Num dos pátios do centro de Charjah está uma réplica em tamanho real e coberta de andaimes do sovaco da estátua da Liberdade, também feito de chapas de cobre moldadas com a técnica usada no monumento de Nova York.
Essa instalação do artista vietnamita Danh Vo, que abre a Bienal de Charjah, em cartaz até maio no emirado vizinho a Dubai, sintetiza com seu olhar metonímico essa que é a maior mostra de arte contemporânea do Oriente Médio.
Uma sala perto dali reforça essa visão oblíqua do mundo com três pinturas da britânica Lynette Yiadom-Boakye. Elas retratam uma mulher, em enquadramentos fechados e abertos, segurando binóculos na altura dos olhos, como se visse só aquele pedaço da estátua de Vo.
Alfredo Rubio/Divulgação | ||
Instalação 'We the People', de Danh Vo, na Bienal de Charjah |
Num terreno pedregoso para discussões políticas de verdade, as obras desta edição da mostra, organizada pela norte-americana Eungie Joo, ex-diretora artística do Instituto Inhotim, parecem só tangenciar a realidade. Provocam, mas mantêm a distância, com certa autocensura incomum nas artes visuais.

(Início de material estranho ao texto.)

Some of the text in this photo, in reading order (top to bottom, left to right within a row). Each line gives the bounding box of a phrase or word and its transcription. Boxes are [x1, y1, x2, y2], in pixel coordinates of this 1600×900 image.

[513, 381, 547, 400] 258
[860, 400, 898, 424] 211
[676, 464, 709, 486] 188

Há quatro anos, uma obra foi removida da décima edição da mostra por ser considerada ofensiva ao islã, episódio que levou à demissão de seu diretor artístico, Jack Persekian. Desde então, a Bienal de Charjah tem se tornado mais etérea e rarefeita.

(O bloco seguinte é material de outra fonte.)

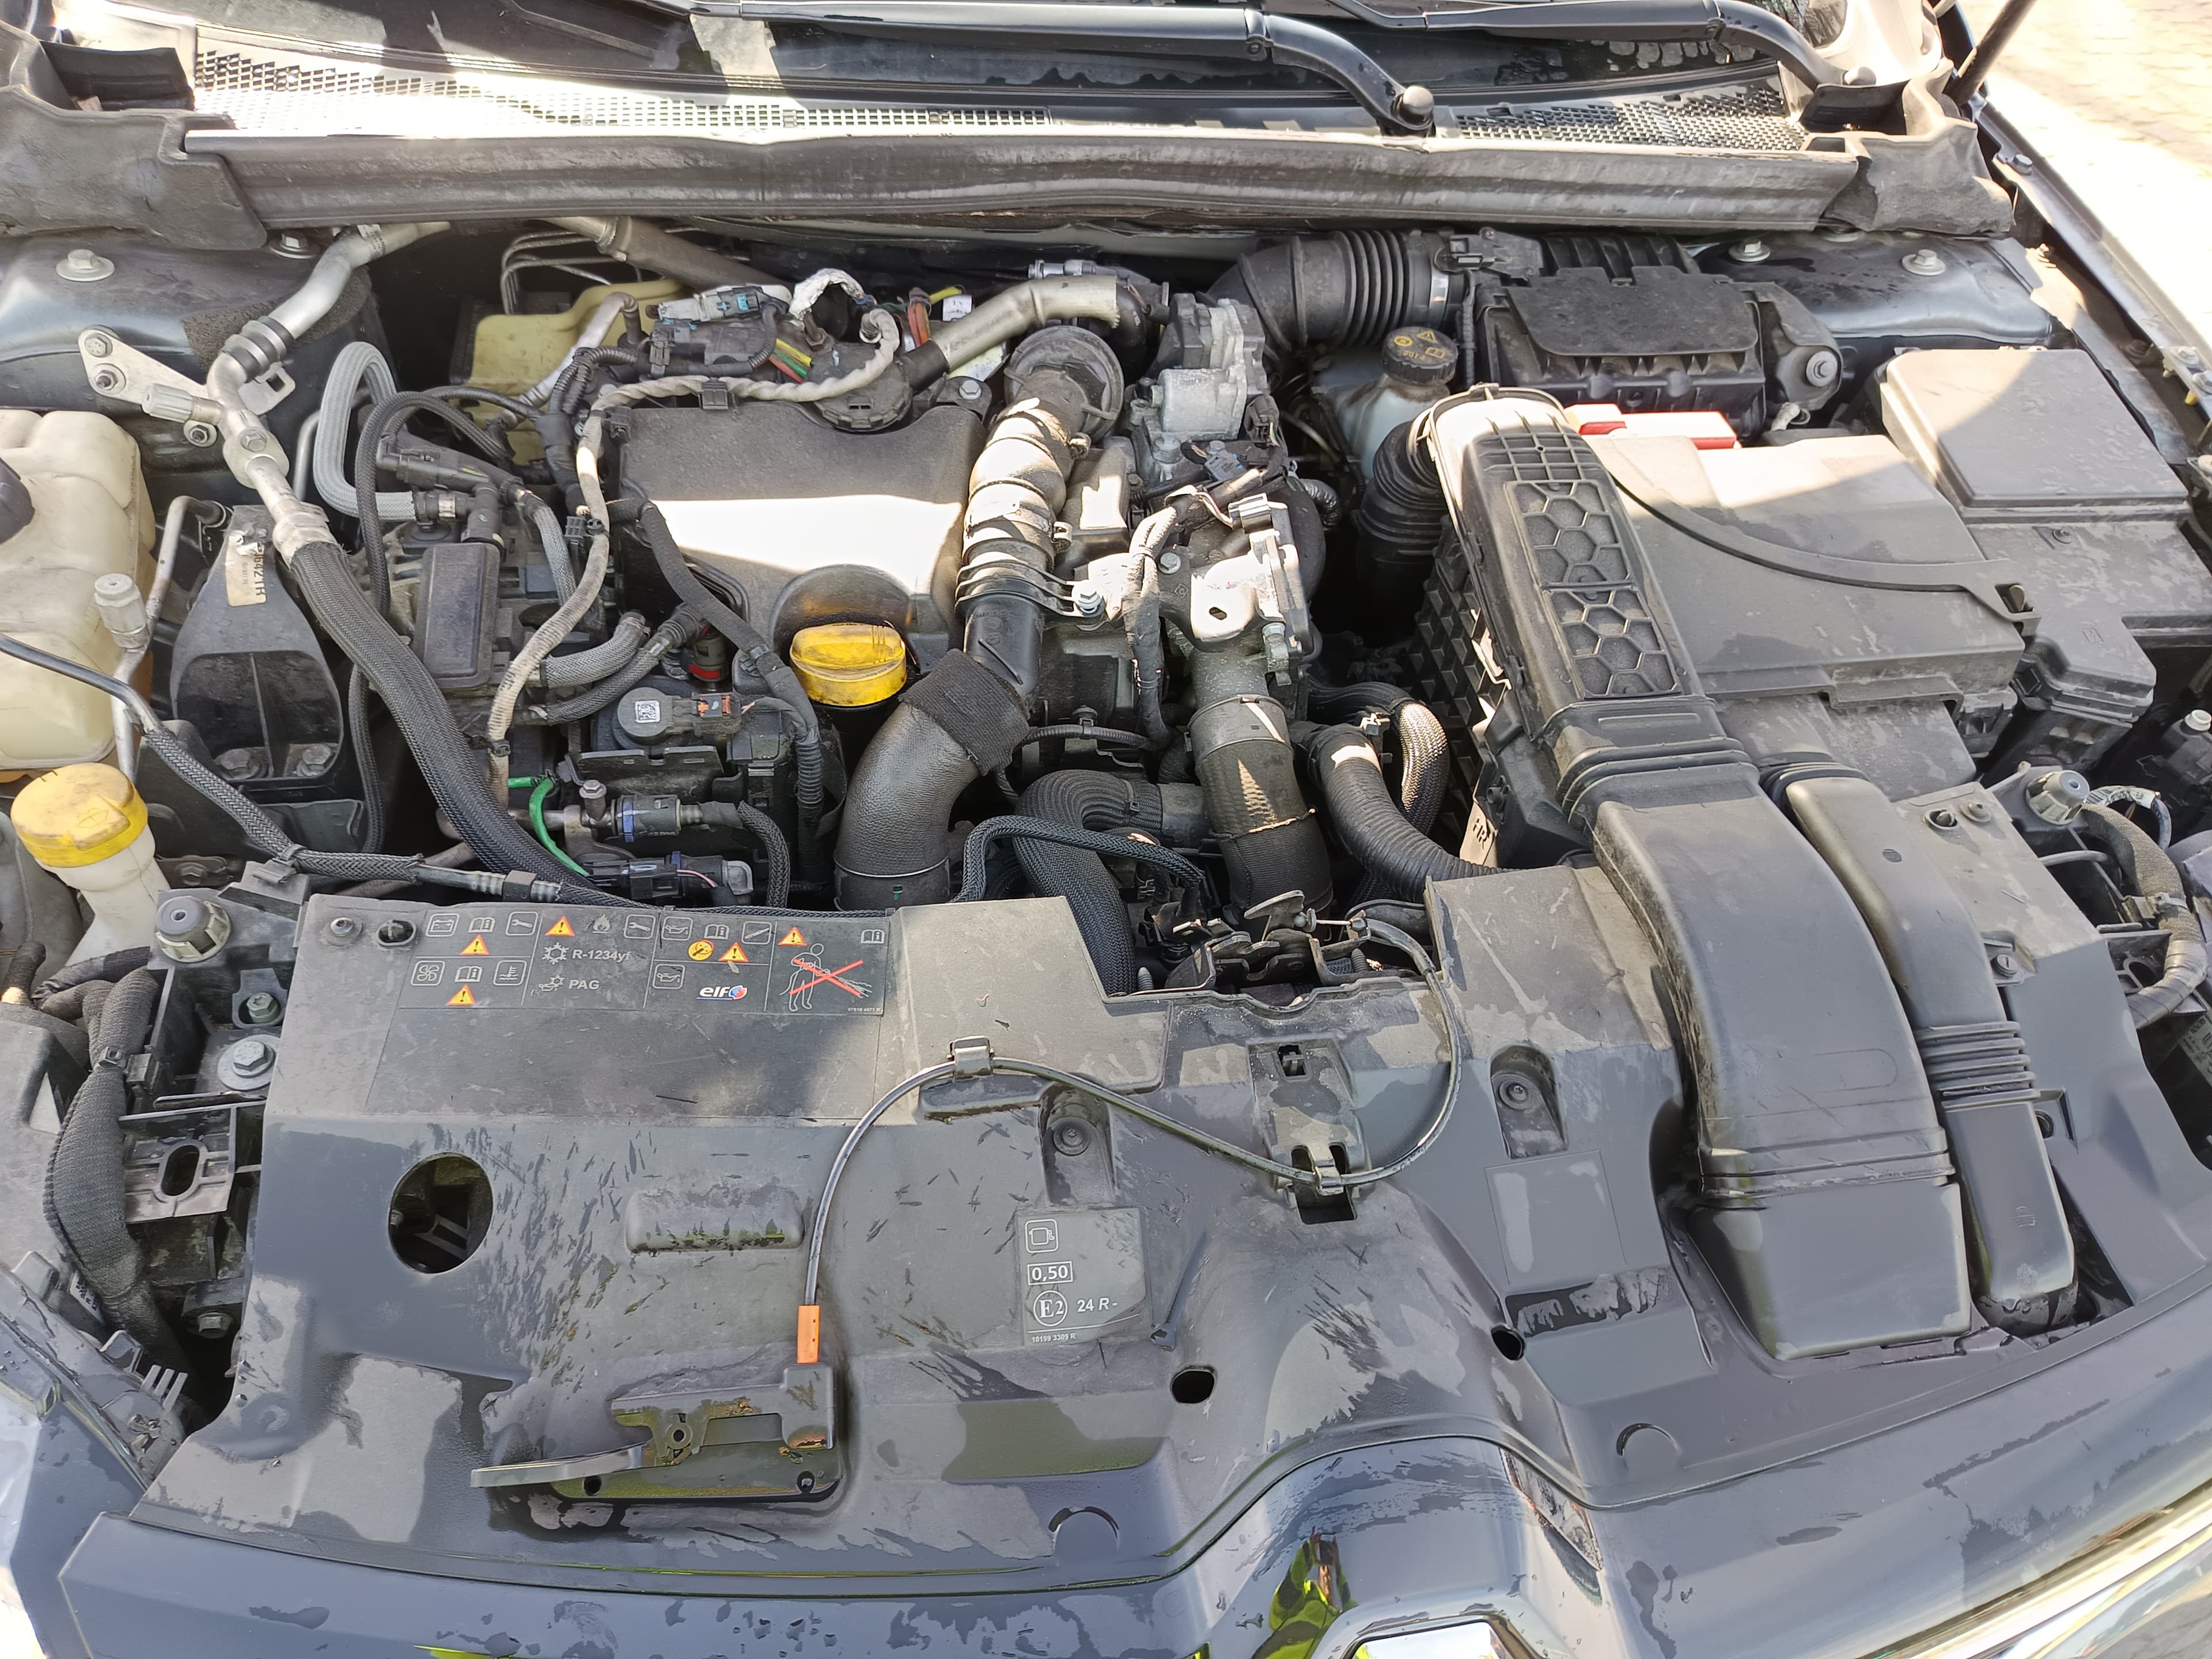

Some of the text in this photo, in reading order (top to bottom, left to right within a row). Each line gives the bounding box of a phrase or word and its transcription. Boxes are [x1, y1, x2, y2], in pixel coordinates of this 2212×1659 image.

Nas palavras de Joo, sua edição da mostra fala do "passado, do presente e do possível", como se o futuro ali prescindisse da imaginação e tivesse de se moldar à rigidez dos parâmetros locais e seus códigos religiosos e políticos.
"Este é o mundo árabe", resume Persekian, o diretor expulso da Bienal, numa conversa em Dubai. "Liberdade de expressão não é melhor aqui. Se você falar em sexo, política e religião vai ser escaldado. Mas não devemos pensar nisso por um prisma ocidental. Existe outra economia da arte aqui, com outros valores."
De fato, Charjah e Dubai, com a feira Art Dubai, encerrada na semana passada, fizeram dos Emirados Árabes Unidos um dos pontos nevrálgicos do mundo da arte.
Tanto a feira quanto a bienal, como toda a economia do país, são financiadas pelos xeques locais, que desde os anos 1970 lideram uma operação alquímica –transformar petrodólares em plataforma de turismo e cultura.
MUNDOS POSSÍVEIS
Hoor Al Qasimi, filha do xeque de Charjah e atual diretora da Bienal, entende que não está num território neutro. Educada em Londres e figura de peso na direção de instituições como o MoMA, em Nova York, ela tenta estabelecer em seu país uma versão possível do mundo da arte.
"Não podemos começar nenhum debate ofendendo as pessoas", diz a princesa. "A cada Bienal, temos forçado um pouco mais os limites, mas sem alienar o público local. É para eles que estamos ali, não para o público internacional das artes plásticas."
Esse mesmo raciocínio parece ancorar a seleção de obras e galerias da Art Dubai. Ali prevalecem peças com pegada decorativa, cheias de brilho e elementos caligráficos, em detrimento de coisas que falem de sexo ou política.
Mesmo a obra mais poderosa da Bienal de Charjah, uma instalação do libanês Rayyane Tabet que ocupa uma ala inteira de um museu da cidade, evita a polêmica, pelo menos na superfície. São aros metálicos em sucessão vertiginosa que formam um tubo vazado –alusão a um antigo duto de petróleo que seria construído entre a Arábia Saudita e o Líbano na década de 1940.
Da falência do projeto resulta um monumento à ausência que toca, só em chave subterrânea, nas feridas que o desenho e o redesenho das fronteiras ali deixaram abertas.
Outras obras, como os desenhos do céu de Charjah do americano Byron Kim e o pátio cheio de areia da brasileira Cinthia Marcelle, abraçam a pureza formalista e tomam distância de pontos espinhosos.
Jac Leirner, outra brasileira na mostra, criou uma sala de instrumentos para medir o tempo. Nas paredes estão jogos de Sudoku resolvidos por ela e conjuntos de réguas de várias cores e tamanhos. É como se declarasse que nesta parte do mundo há mais do que dois pesos e duas medidas.